Look below for the line containing "Some of the text". Reproduce it and every line after it exactly, and nothing more.

Task material:
————

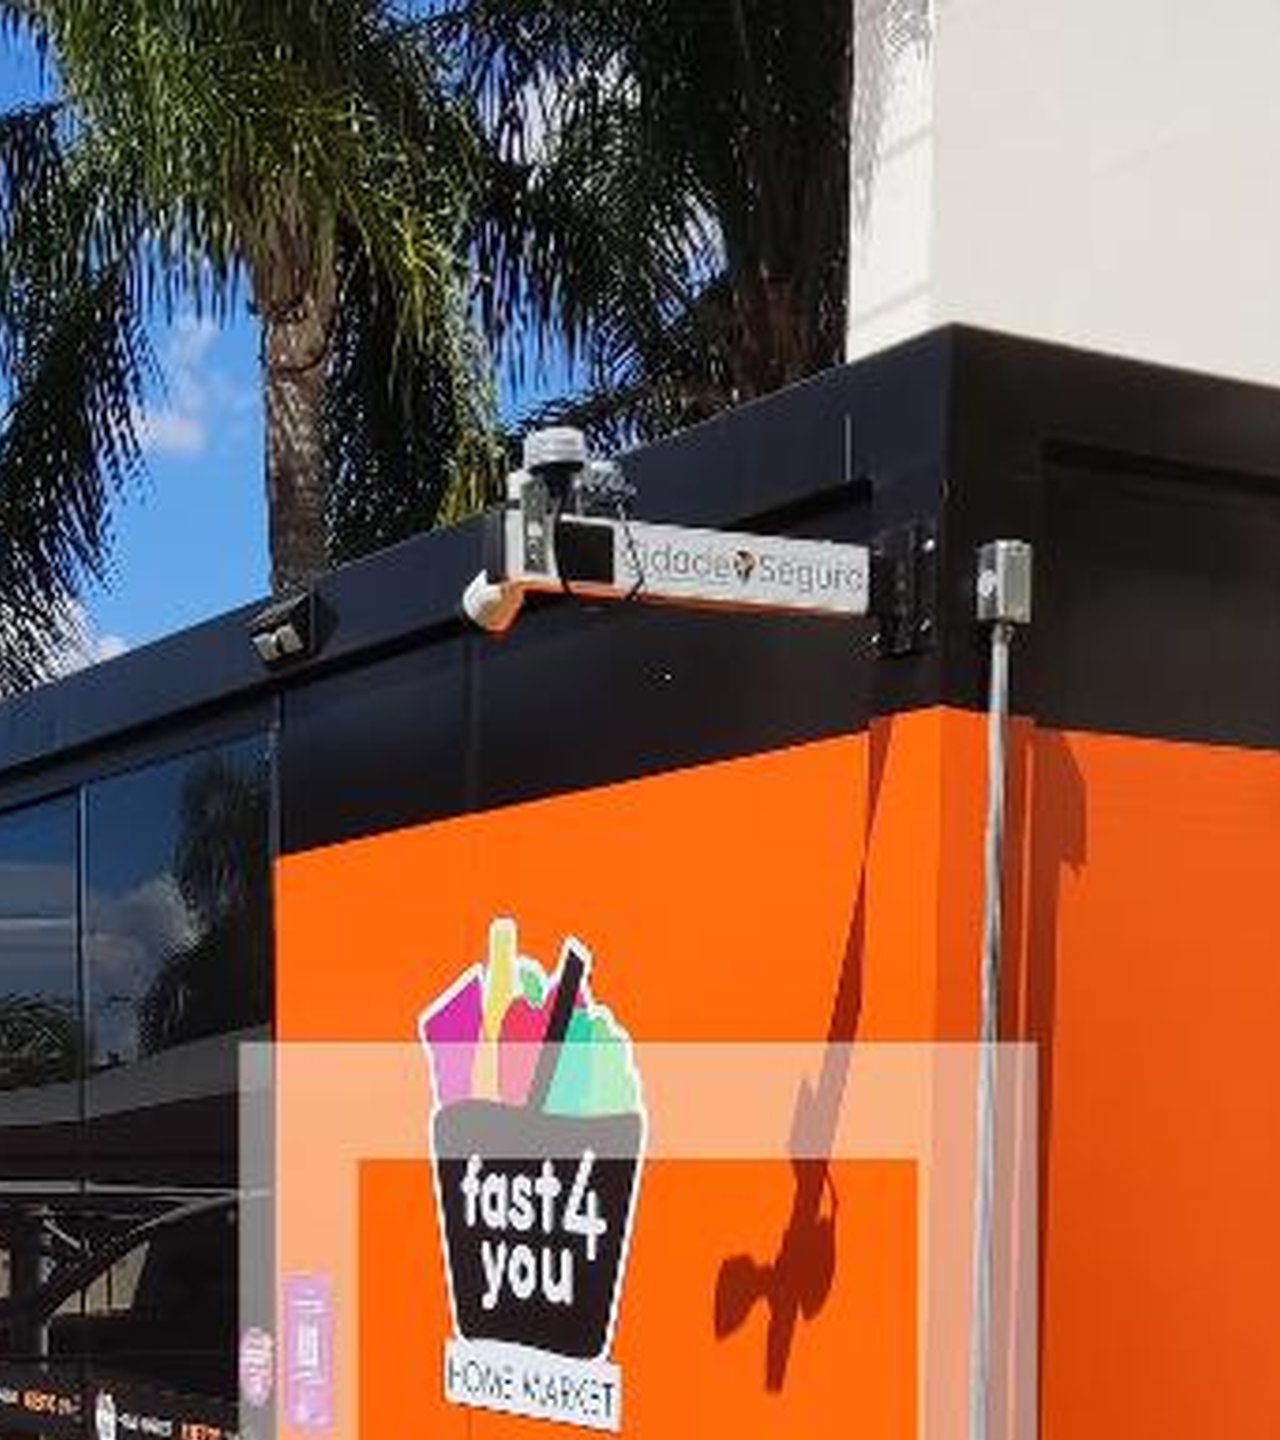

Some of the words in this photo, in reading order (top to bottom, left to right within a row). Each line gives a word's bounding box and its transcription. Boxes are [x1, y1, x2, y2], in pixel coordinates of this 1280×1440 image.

[461, 1153, 561, 1233] fast
[562, 1150, 607, 1261] 4
[481, 1240, 573, 1310] you
[447, 1356, 513, 1401] HOME
[522, 1369, 615, 1419] MARKET
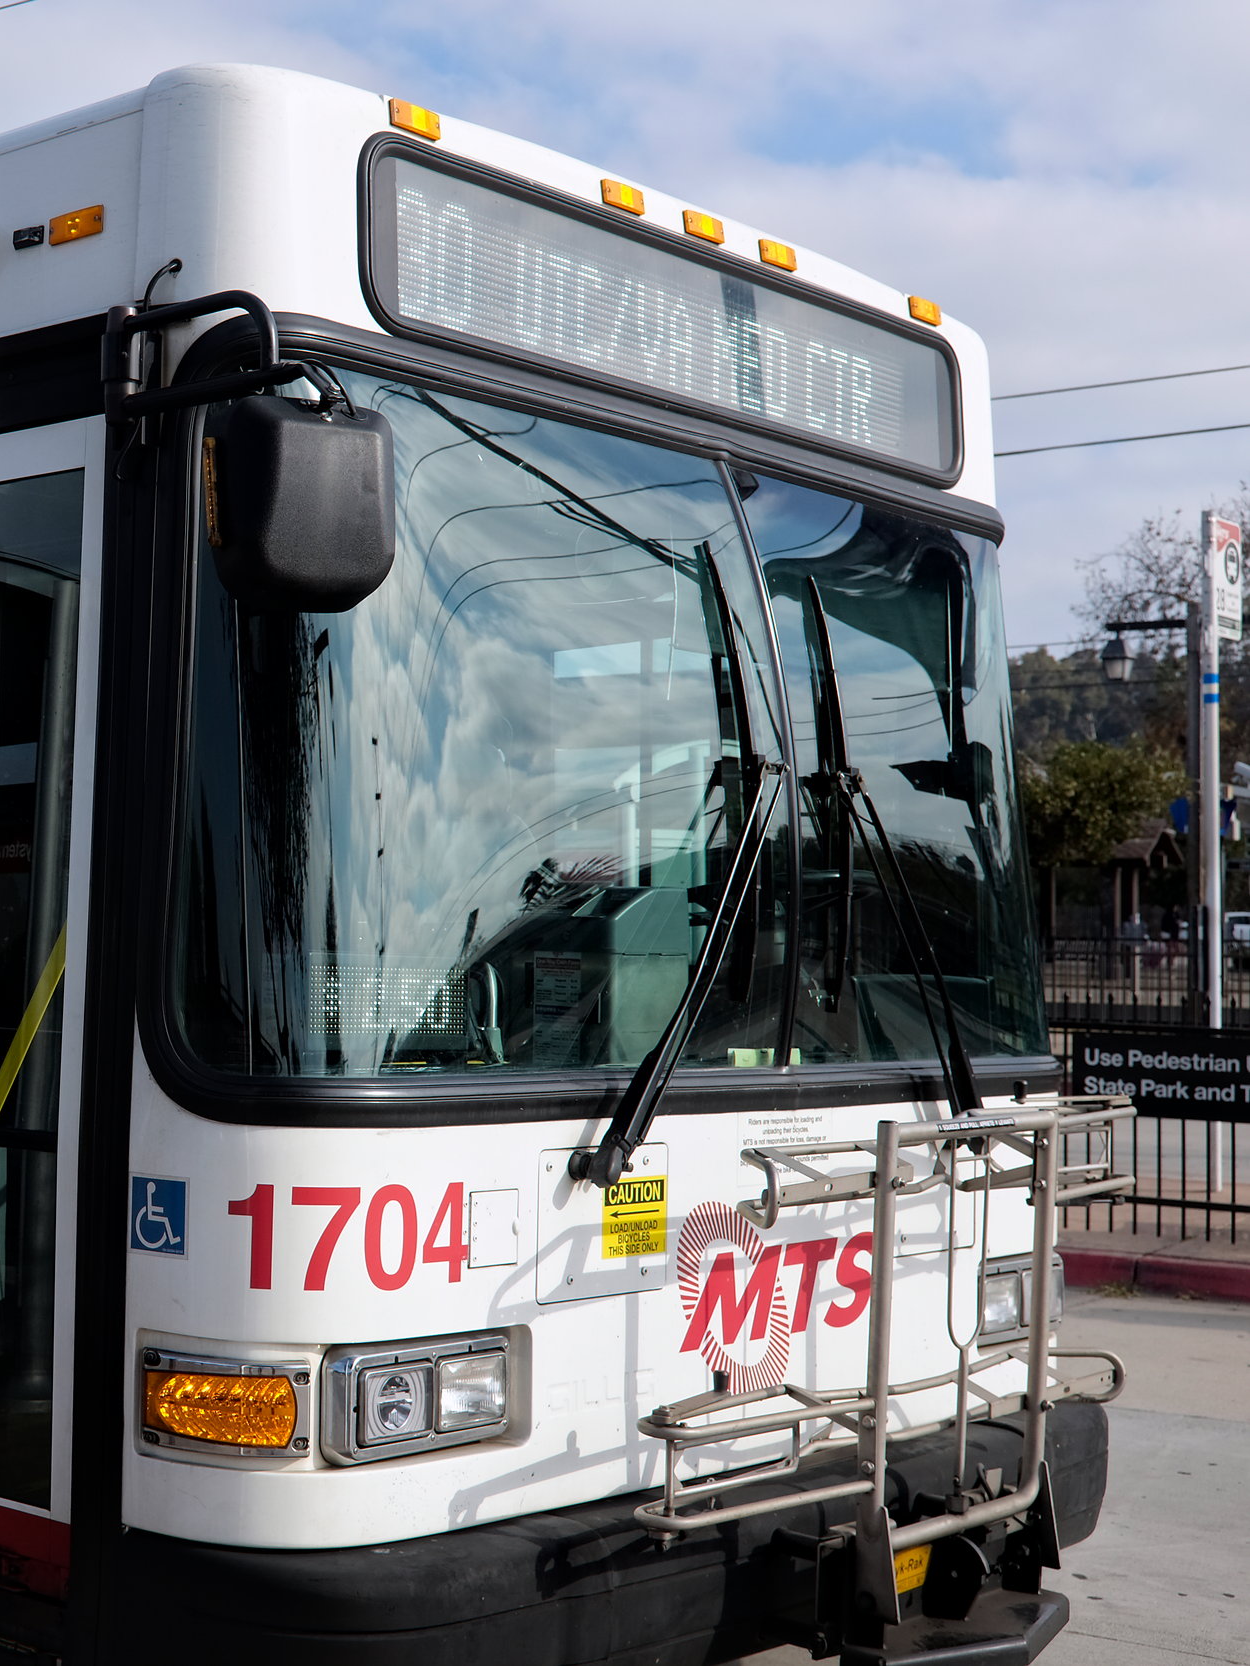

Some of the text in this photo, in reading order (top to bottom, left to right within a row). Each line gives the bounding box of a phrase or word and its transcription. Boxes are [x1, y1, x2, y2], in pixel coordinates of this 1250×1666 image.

[398, 187, 872, 444] 30 UTC/VA MED CTR
[1084, 1047, 1124, 1067] Use
[1127, 1049, 1240, 1073] Pedestrian
[1084, 1075, 1137, 1097] State
[1140, 1078, 1189, 1099] Park
[1194, 1083, 1236, 1103] and
[608, 1181, 661, 1205] CAUTION
[228, 1181, 468, 1291] 1704
[610, 1219, 658, 1234] LOAD/UNLOAD
[617, 1231, 651, 1244] BICYCLES
[608, 1241, 659, 1257] THIS SIDE ONLY
[679, 1231, 873, 1353] MTS

————

Output of the exercise:
Some of the text in this photo, in reading order (top to bottom, left to right within a row). Each line gives the bounding box of a phrase or word and its transcription. Boxes are [x1, y1, x2, y2], in pixel coordinates of this 1250×1666 image.

[398, 187, 872, 444] 30 UTC/VA MED CTR
[1084, 1047, 1124, 1067] Use
[1127, 1049, 1240, 1073] Pedestrian
[1084, 1075, 1137, 1097] State
[1140, 1078, 1189, 1099] Park
[1194, 1083, 1236, 1103] and
[608, 1181, 661, 1205] CAUTION
[228, 1181, 468, 1291] 1704
[610, 1219, 658, 1234] LOAD/UNLOAD
[617, 1231, 651, 1244] BICYCLES
[608, 1241, 659, 1257] THIS SIDE ONLY
[679, 1231, 873, 1353] MTS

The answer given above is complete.